The data input 112 can include one or more of the following depending upon how and to what extent that the system 100 is initialized and updated thorough its lifecycle. Examples of the data input 112 include a magnetic strip reader to access such data storage devices as a smart card, a modem connection, a computer connection such as a universal serial bus connection, a network connection, a wireless connection, a data storage device connection such as a memory chip connection, an radio frequency identification (RFID) connection, a keypad connection, a barcode connection, or other connection. The data output 110 can include device hardware to communicate over such connections or other connections as well.
In some implementations, the CPU 104 can control the vibratory output 114 to indicate modes of operation such as "pulsating" or "steady flow," side to side administration details, instructions such as "breath in through the nose and out through the mouth", or "breath normally, " and various status messages such as "your dose is complete."
In some implementations, the CPU 104 can control a visual display 116 such as a display screen to output such data as medicament product name, time to next dose, clock indicating elapsed time as the dose is administered, modes of operation such as "pulsating" or "steady flow," side to side administration details, instructions such as "breath in through the nose and out through the mouth" or "breath normally," and various status messages such as "your dose is complete." Other implementations use a visual display 116 that may include one or more indicator lights in addition to a display screen or instead of a display screen.
In some implementations, the CPU 104 can control an audio output 118 as a voice enabled speaker and in other implementations as a series of tones or other noises. ' Some implementations could announce such data as medicament product name, time to next dose, clock indicating elapsed time as the dose is administered, modes of operation such as "pulsating" or "steady flow," side to side administration details, instructions such as "breath in through the nose and out through the mouth" or "breath normally, " and various status messages such as "your dose is complete."
The power source 120 can be manually controlled through the power switch 122 or can also be controlled through the CPU 104 to implement aspects of methods such as those described above associated with the flow charts of Figures 1 - 7.
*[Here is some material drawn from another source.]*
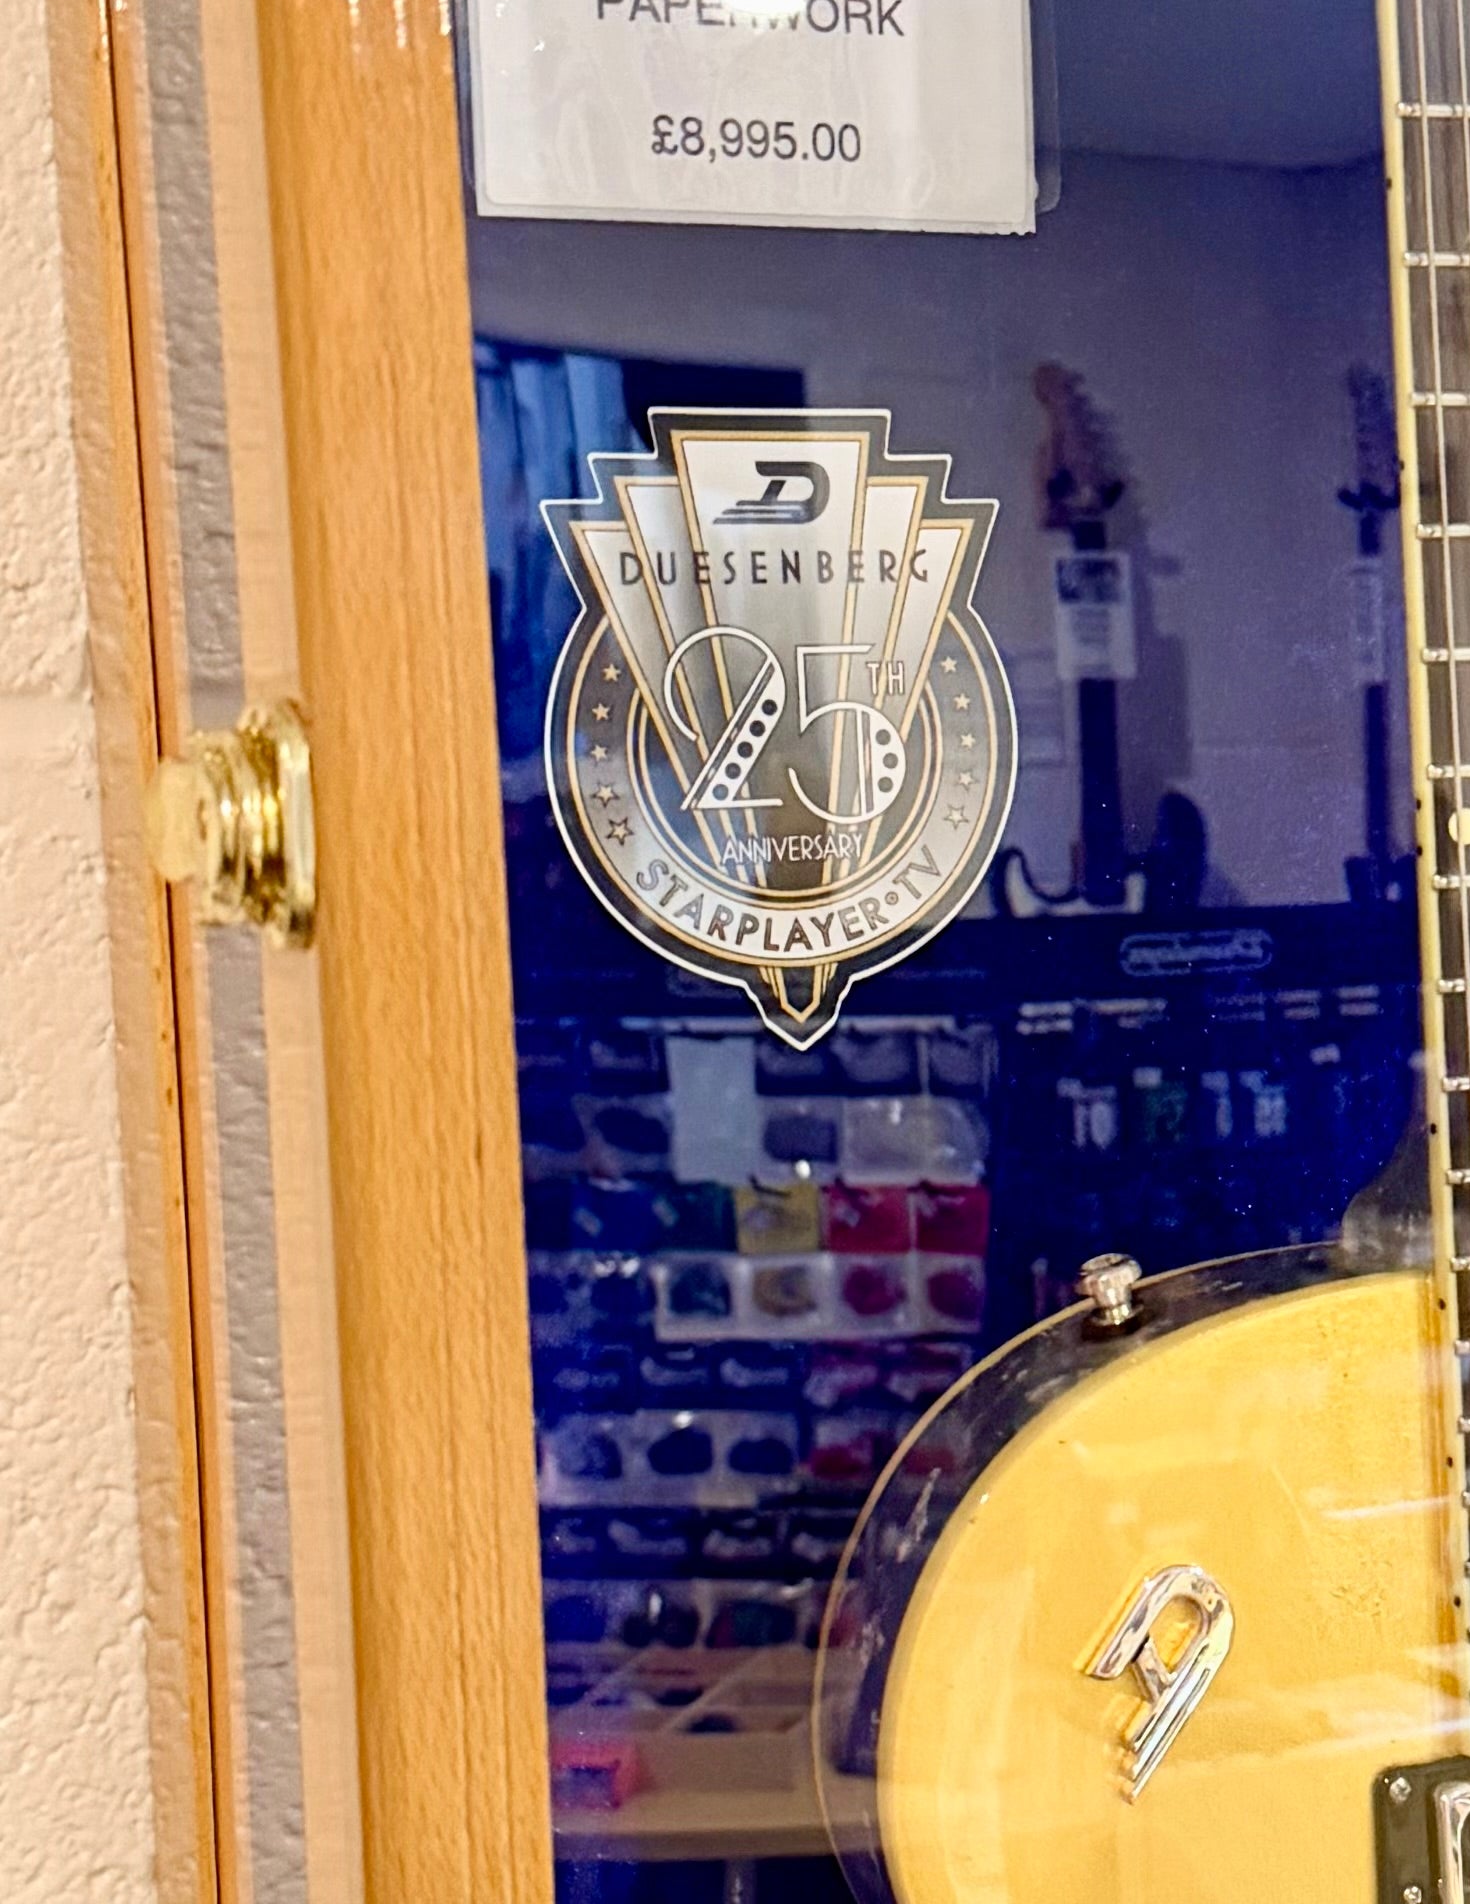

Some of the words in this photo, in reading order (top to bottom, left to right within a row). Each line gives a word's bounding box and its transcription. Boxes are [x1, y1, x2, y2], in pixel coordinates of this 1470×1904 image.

[652, 116, 861, 164] £8,995.00
[621, 549, 928, 585] DUESENBERG
[720, 832, 864, 866] ANNIVERSARY
A depicted implementation of the system 100 is shown in FIGURES 9-12 as a version of a nebulizer with particle dispersion chambers and delivery of vortical or turbulent flow of dispersal particles into user nostrils. An instance of the visual display 116 and an instance of the data input 112 as an ID tag read device are shown in the depicted implementation. An implementation of the medicament output 102 is shown in FIGURES 13-16 as having a nebulizer (or alternatively an atomizer) being in communication with a pair of particle dispersion chambers (or with a pair of particle dispersion channels within one particle dispersion chamber) disoriented to provide direct parallel (or substantially parallel) delivery of vortical flow particles into each nostril via a complementary bifurcated nasal adapter. Such dual delivery significantly eliminates any medicament loss resulting from particle collisions with the center of the nose between the two separate nasal passages.
Additionally, dual particle dispersion channels allow for setting different vortical parameters (e.g., angle, velocity, direction, etc.) for each particle dispersion channel, and further allows for vortical flows having opposite directions (a preferred aspect) . The dual design allows for a vortical flow to be targeted to each nostril, and the vortical flow is not interrupted by flow colliding with the division between the nostrils. Thus, the dispersion parameters can be optionally and uniquely tailored to individual users if necessary or desired (e.g., for long-term users treating chronic conditions, or where one nostril is relatively obstructed or otherwise distinguishable from the other.
Some aspects of data usage associated with the system 100 are illustrated with a few depicted scenarios shown for illustrative purposes in FIGURES 17-20. In a first scenario 140 shown in FIGURE 17, an end-user, such as a patient, provides user data (transmission 142) to a physician, typically in the physician's office. At a time before, after, and/or during the transmission 142, a medicament supplier sends medicament and medicament data to a pharmacy (transmission 144). The medicament data can include medicament identification, expiration, pedigree or e-pedigree, and user instructions. The medicament data can be printed and/or electronic. The data form will impact how the data is further handled as explained below.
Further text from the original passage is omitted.